** Work to complete **
Omit every picture and output the rest of the records exactly as they are.

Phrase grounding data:
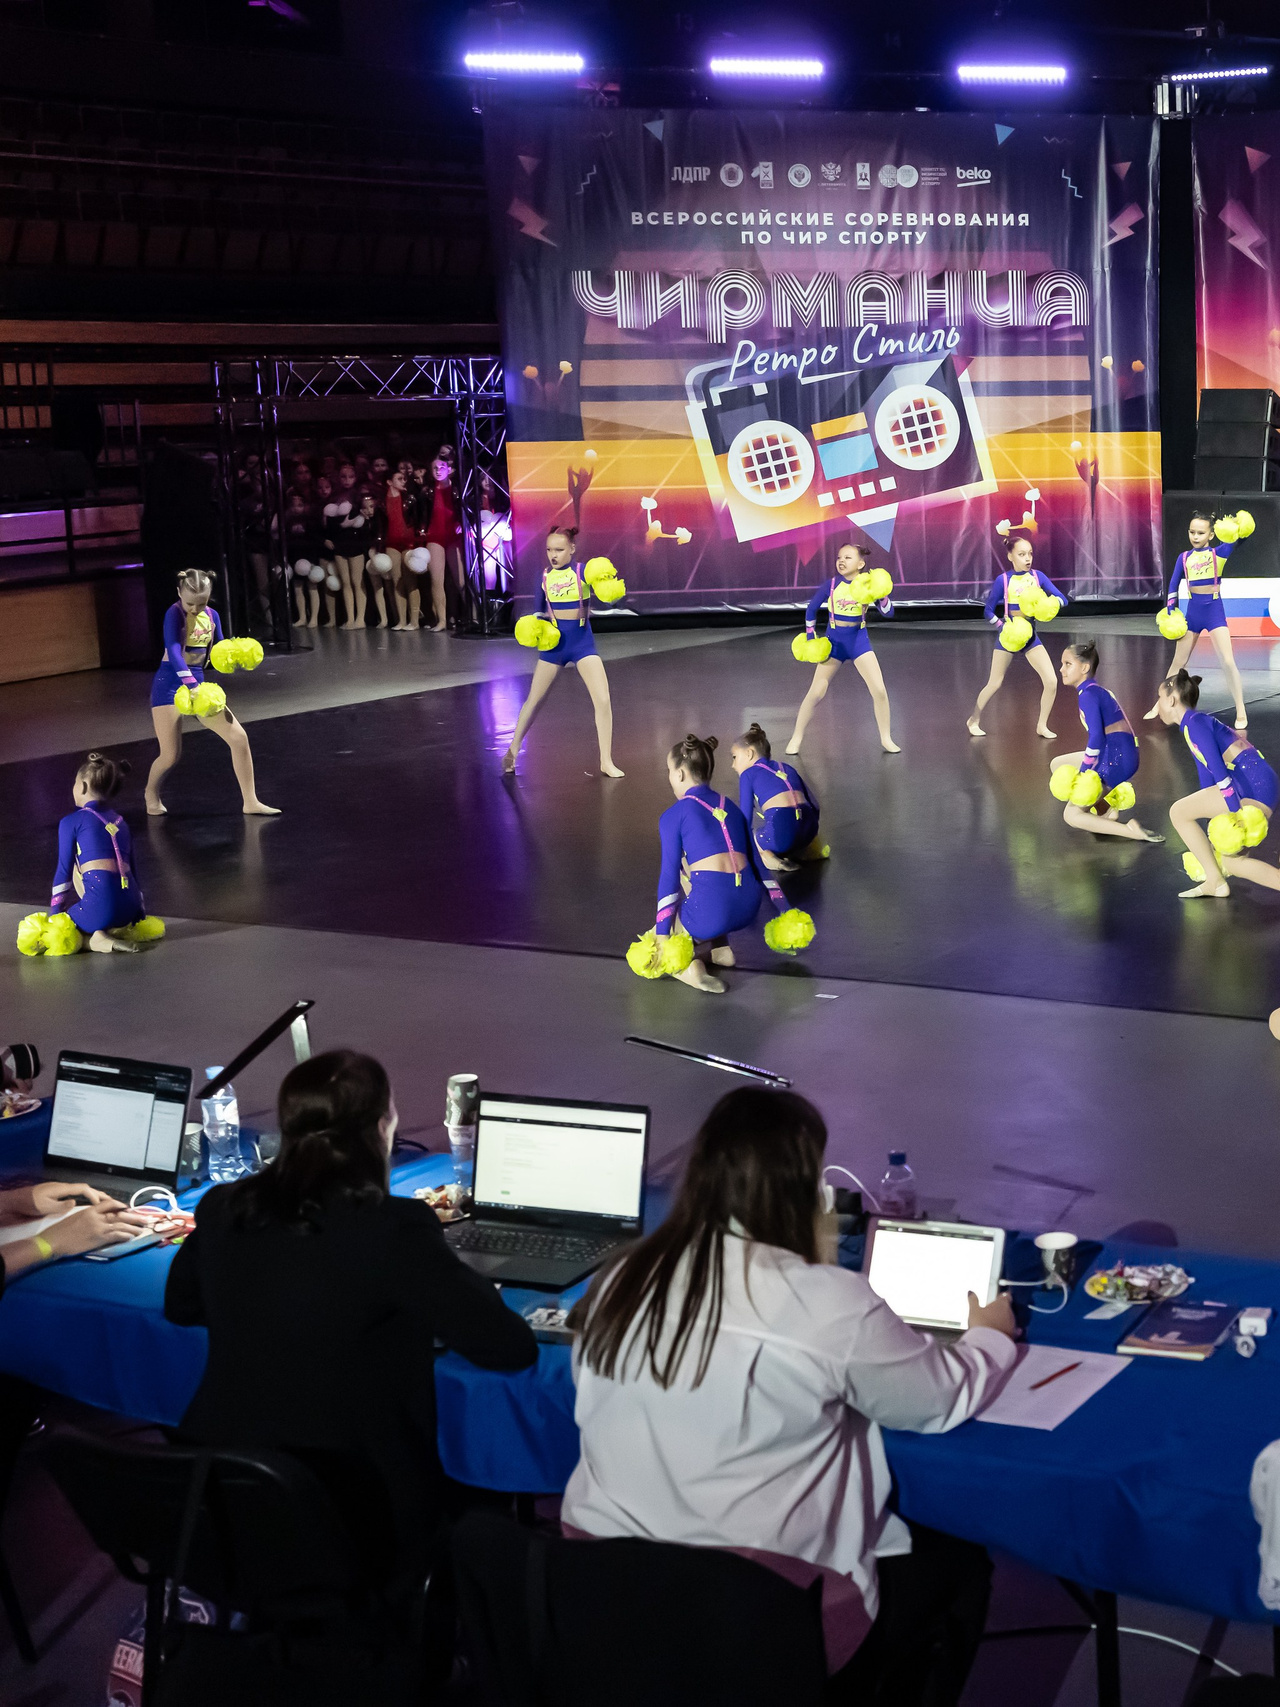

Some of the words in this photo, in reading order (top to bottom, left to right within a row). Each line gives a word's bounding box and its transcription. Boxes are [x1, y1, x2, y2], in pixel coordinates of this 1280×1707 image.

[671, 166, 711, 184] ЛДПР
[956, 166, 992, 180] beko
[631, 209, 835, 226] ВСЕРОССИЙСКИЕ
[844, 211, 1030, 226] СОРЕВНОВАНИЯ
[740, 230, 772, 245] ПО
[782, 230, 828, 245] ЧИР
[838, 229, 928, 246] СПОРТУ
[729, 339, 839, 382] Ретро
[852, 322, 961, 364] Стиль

** Exercise response **
Some of the words in this photo, in reading order (top to bottom, left to right within a row). Each line gives a word's bounding box and its transcription. Boxes are [x1, y1, x2, y2], in pixel coordinates of this 1280×1707 image.

[671, 166, 711, 184] ЛДПР
[956, 166, 992, 180] beko
[631, 209, 835, 226] ВСЕРОССИЙСКИЕ
[844, 211, 1030, 226] СОРЕВНОВАНИЯ
[740, 230, 772, 245] ПО
[782, 230, 828, 245] ЧИР
[838, 229, 928, 246] СПОРТУ
[729, 339, 839, 382] Ретро
[852, 322, 961, 364] Стиль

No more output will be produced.